What Are Grandparents’ Visitation Rights?

A grandparent would never think that their right to see their grandkids could be taken away. Unfortunately, life-changing events such as death, divorce, or estrangement can force separation between grandparents and grandchildren. This breaking of families can cause desperate grandmothers and fathers seek legal action to retain their grandparent rights. All 50 states in the US have some type of grandparent visitation statute. This means that grandparents can ask to be granted the legal right to maintain a relationship with their grandchild. Each state, however, varies in who can visit and how visitation will be carried out. Only about 20 states have restrictive visitation statutes. This means that grandparents can get a court-ordered visitation only if the parents are divorcing or if both parents died. The circumstances of carrying this restrictive visitation out is also dependent on the state.
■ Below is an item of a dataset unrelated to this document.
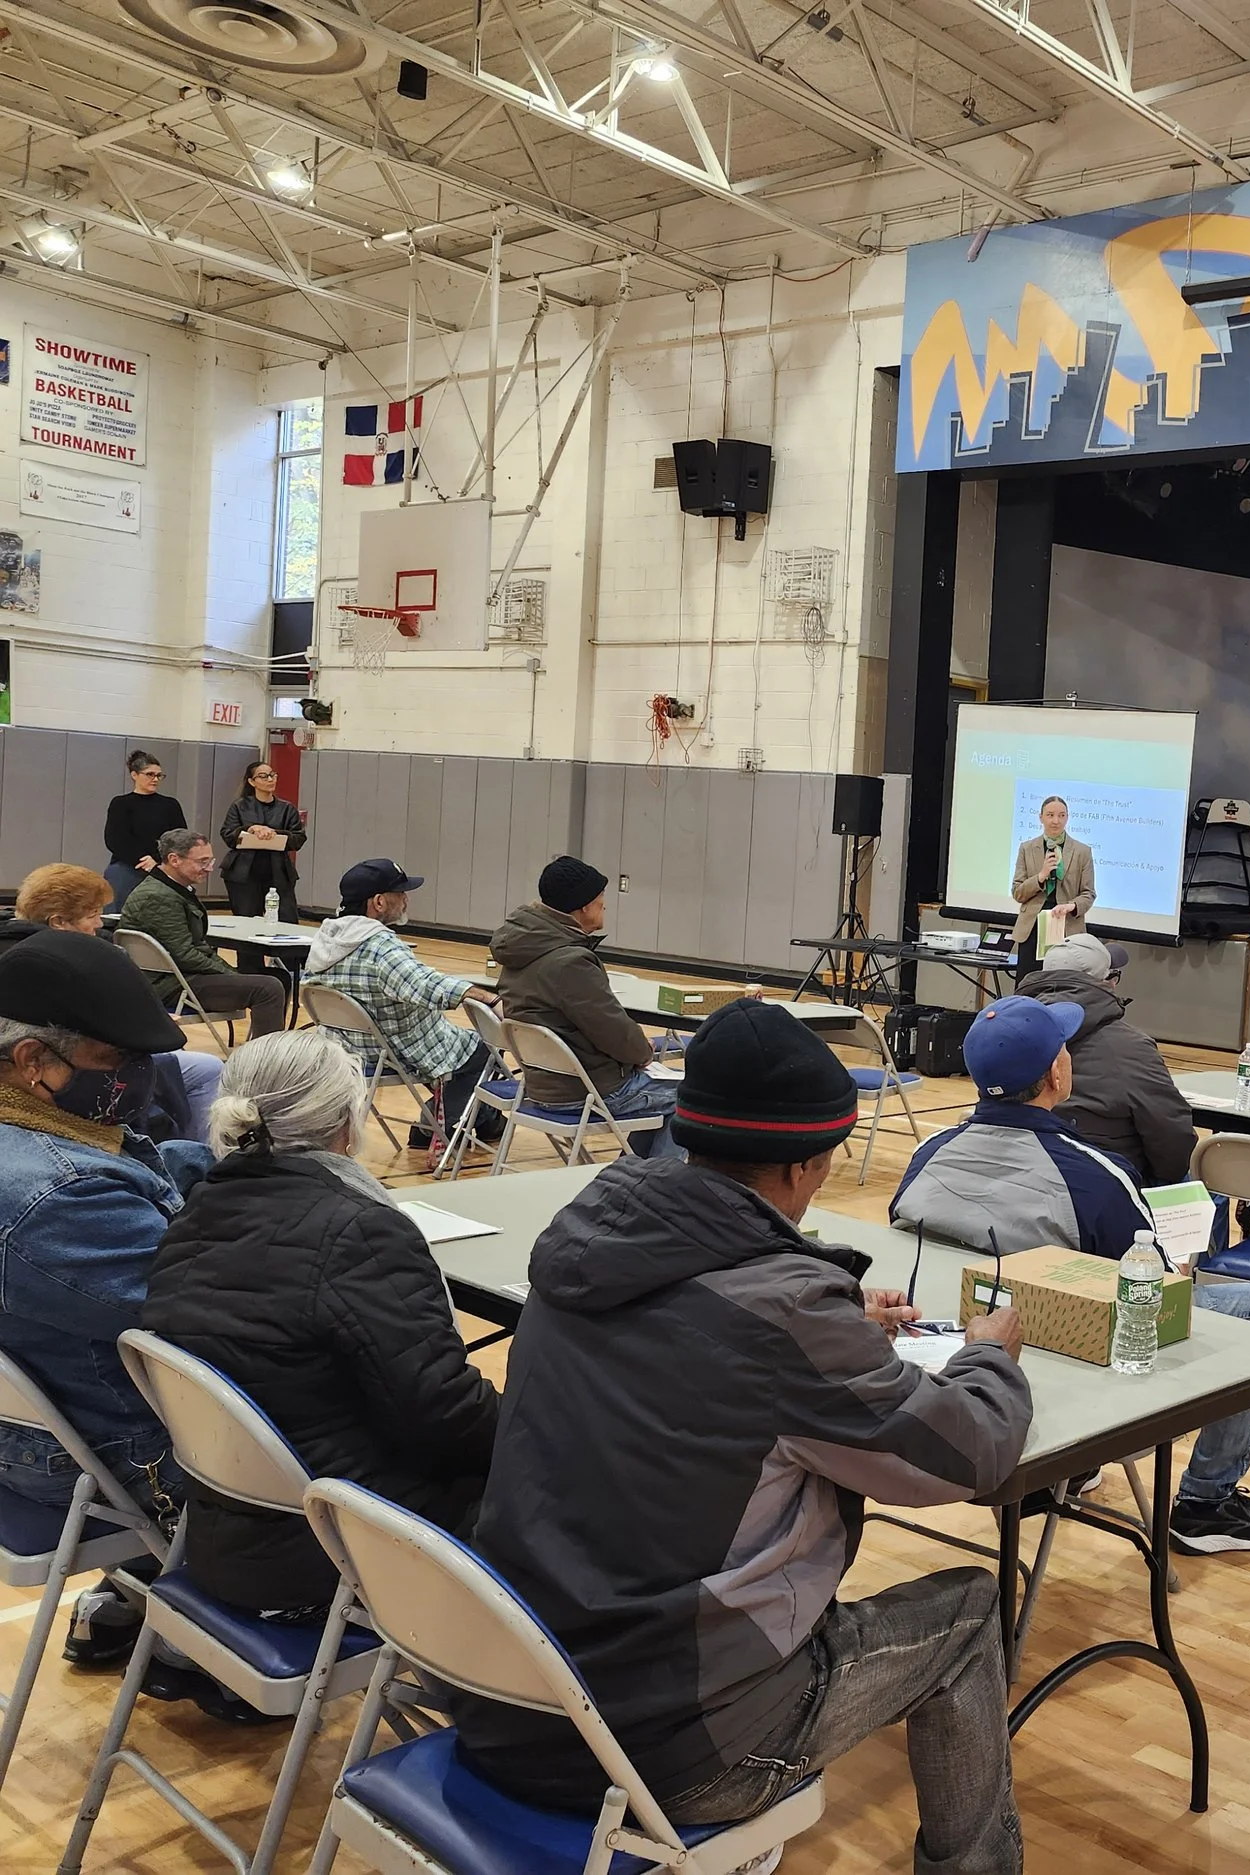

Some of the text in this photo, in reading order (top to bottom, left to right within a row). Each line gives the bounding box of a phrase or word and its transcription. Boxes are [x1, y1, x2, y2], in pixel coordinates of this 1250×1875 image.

In the state of California, a grandparent can ask for reasonable visitation with a grandchild. The court must find that visitation between grandparent and grandchild is in the best interest of the grandchild. Further, the court must find that the visitation is balanced with the parent’s rights to make decisions about the child. Grandparents cannot ask for visitation rights if the parents are married. Exceptions include but are not limited to:

  • The parents are living separately;
  • The child does not live with either of his or her parents; or
  • The grandchild has been adopted by a stepparent.

If at any point the above circumstances change, parents are legally allowed to remove grandparent visitation rights. However, before filing a petition with the court to grant these rights, make sure you are well-informed regarding the details in California’s law. In some cases, mediation between parents and grandparents could help in reaching a compromise regarding visitation with the child. It is possible to hire a mediator to assist in this process. Even if you do decide to go to court, a mediator will be required to meet with you.

It is recommended that an experienced lawyer assist in navigating you through laws regarding grandparent visitation rights. Parents can file against grandparent visitation statutes. The court has further been known to make controversial and contradictory decisions in the past. Before filing your petition, contact a family law attorney. Certified family law specialist Julia McDowell is familiar with navigating these complex child custody laws and can offer appropriate guidance to your case. Contact us at Hoover Krepelka, LLP today.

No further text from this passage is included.